PROBLEM STATEMENT ▸ Please give the whole listing again exactly, without any of its pictures.

※

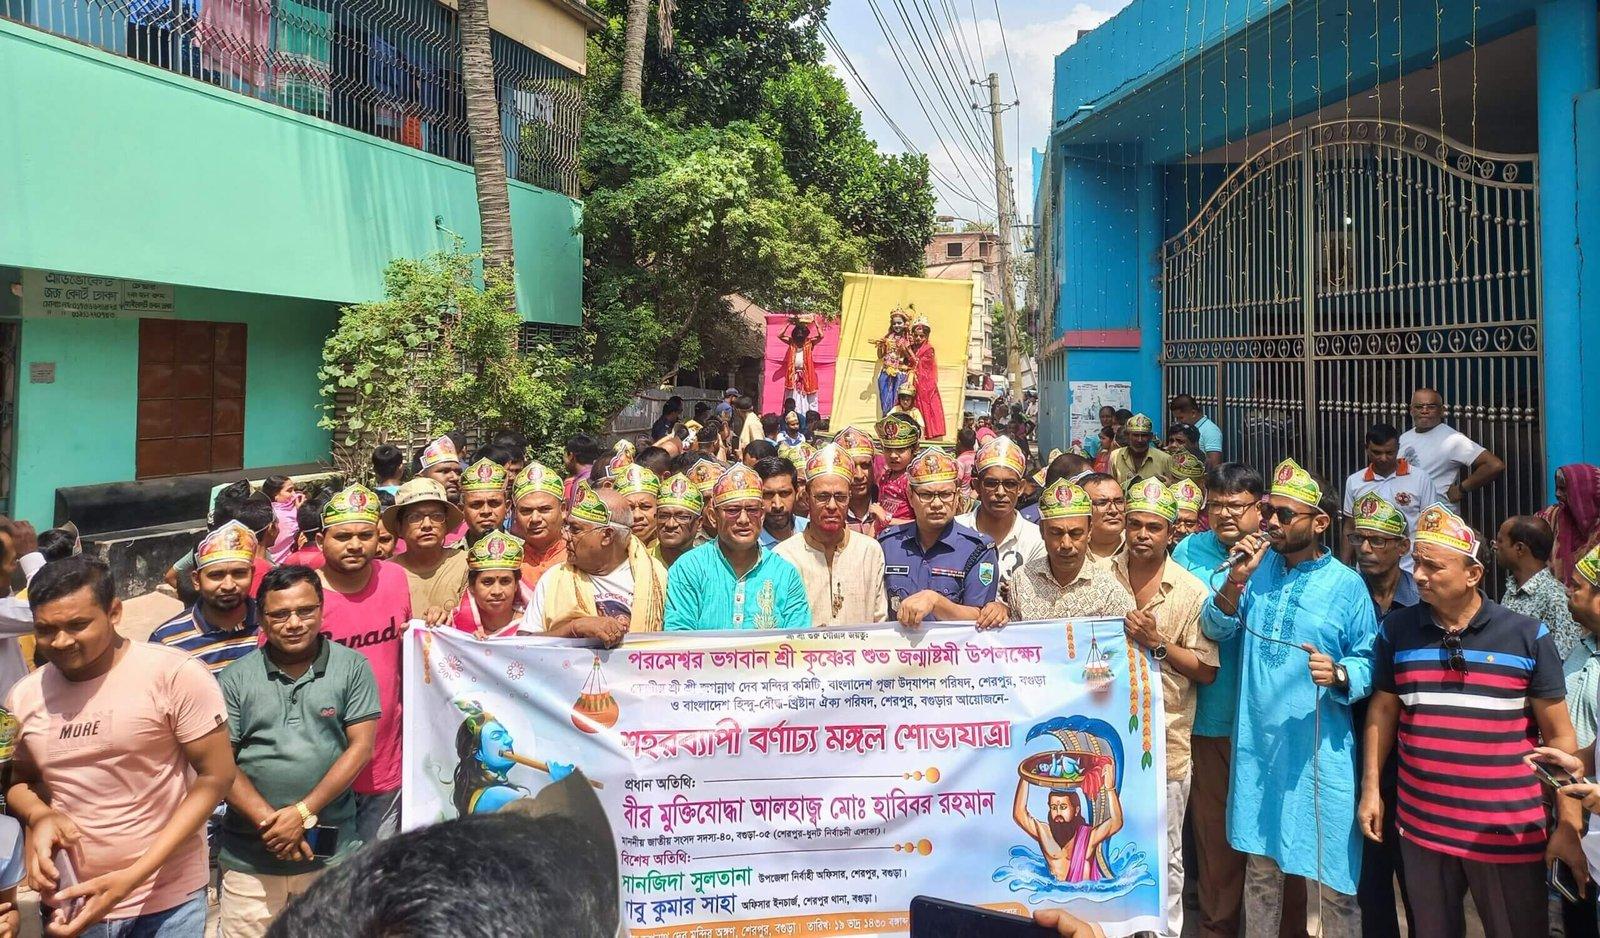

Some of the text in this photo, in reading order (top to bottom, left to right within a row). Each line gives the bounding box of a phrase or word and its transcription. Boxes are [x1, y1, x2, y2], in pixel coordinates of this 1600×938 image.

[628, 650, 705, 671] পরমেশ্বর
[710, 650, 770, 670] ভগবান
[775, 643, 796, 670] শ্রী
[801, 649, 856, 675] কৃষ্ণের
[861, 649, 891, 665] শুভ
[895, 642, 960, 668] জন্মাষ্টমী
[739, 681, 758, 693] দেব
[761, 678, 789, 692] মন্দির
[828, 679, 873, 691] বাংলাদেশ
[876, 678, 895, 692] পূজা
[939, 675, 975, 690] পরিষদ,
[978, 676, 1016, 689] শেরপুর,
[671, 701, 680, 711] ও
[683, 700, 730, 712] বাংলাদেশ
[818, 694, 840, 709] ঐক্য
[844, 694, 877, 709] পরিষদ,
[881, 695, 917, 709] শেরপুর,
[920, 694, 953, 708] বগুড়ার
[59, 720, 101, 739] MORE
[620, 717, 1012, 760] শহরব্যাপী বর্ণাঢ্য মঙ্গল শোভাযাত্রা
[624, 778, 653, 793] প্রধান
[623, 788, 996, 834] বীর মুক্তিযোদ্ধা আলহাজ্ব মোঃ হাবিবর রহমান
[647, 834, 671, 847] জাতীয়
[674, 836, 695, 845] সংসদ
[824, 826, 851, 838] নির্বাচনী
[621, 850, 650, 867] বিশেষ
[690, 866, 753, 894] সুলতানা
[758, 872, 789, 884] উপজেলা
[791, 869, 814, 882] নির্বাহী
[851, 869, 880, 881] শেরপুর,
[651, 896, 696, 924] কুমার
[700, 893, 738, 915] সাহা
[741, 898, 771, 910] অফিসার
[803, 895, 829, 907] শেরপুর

※

SOLVED PROBLEM ▸
Some of the text in this photo, in reading order (top to bottom, left to right within a row). Each line gives the bounding box of a phrase or word and its transcription. Boxes are [x1, y1, x2, y2], in pixel coordinates of this 1600×938 image.

[628, 650, 705, 671] পরমেশ্বর
[710, 650, 770, 670] ভগবান
[775, 643, 796, 670] শ্রী
[801, 649, 856, 675] কৃষ্ণের
[861, 649, 891, 665] শুভ
[895, 642, 960, 668] জন্মাষ্টমী
[739, 681, 758, 693] দেব
[761, 678, 789, 692] মন্দির
[828, 679, 873, 691] বাংলাদেশ
[876, 678, 895, 692] পূজা
[939, 675, 975, 690] পরিষদ,
[978, 676, 1016, 689] শেরপুর,
[671, 701, 680, 711] ও
[683, 700, 730, 712] বাংলাদেশ
[818, 694, 840, 709] ঐক্য
[844, 694, 877, 709] পরিষদ,
[881, 695, 917, 709] শেরপুর,
[920, 694, 953, 708] বগুড়ার
[59, 720, 101, 739] MORE
[620, 717, 1012, 760] শহরব্যাপী বর্ণাঢ্য মঙ্গল শোভাযাত্রা
[624, 778, 653, 793] প্রধান
[623, 788, 996, 834] বীর মুক্তিযোদ্ধা আলহাজ্ব মোঃ হাবিবর রহমান
[647, 834, 671, 847] জাতীয়
[674, 836, 695, 845] সংসদ
[824, 826, 851, 838] নির্বাচনী
[621, 850, 650, 867] বিশেষ
[690, 866, 753, 894] সুলতানা
[758, 872, 789, 884] উপজেলা
[791, 869, 814, 882] নির্বাহী
[851, 869, 880, 881] শেরপুর,
[651, 896, 696, 924] কুমার
[700, 893, 738, 915] সাহা
[741, 898, 771, 910] অফিসার
[803, 895, 829, 907] শেরপুর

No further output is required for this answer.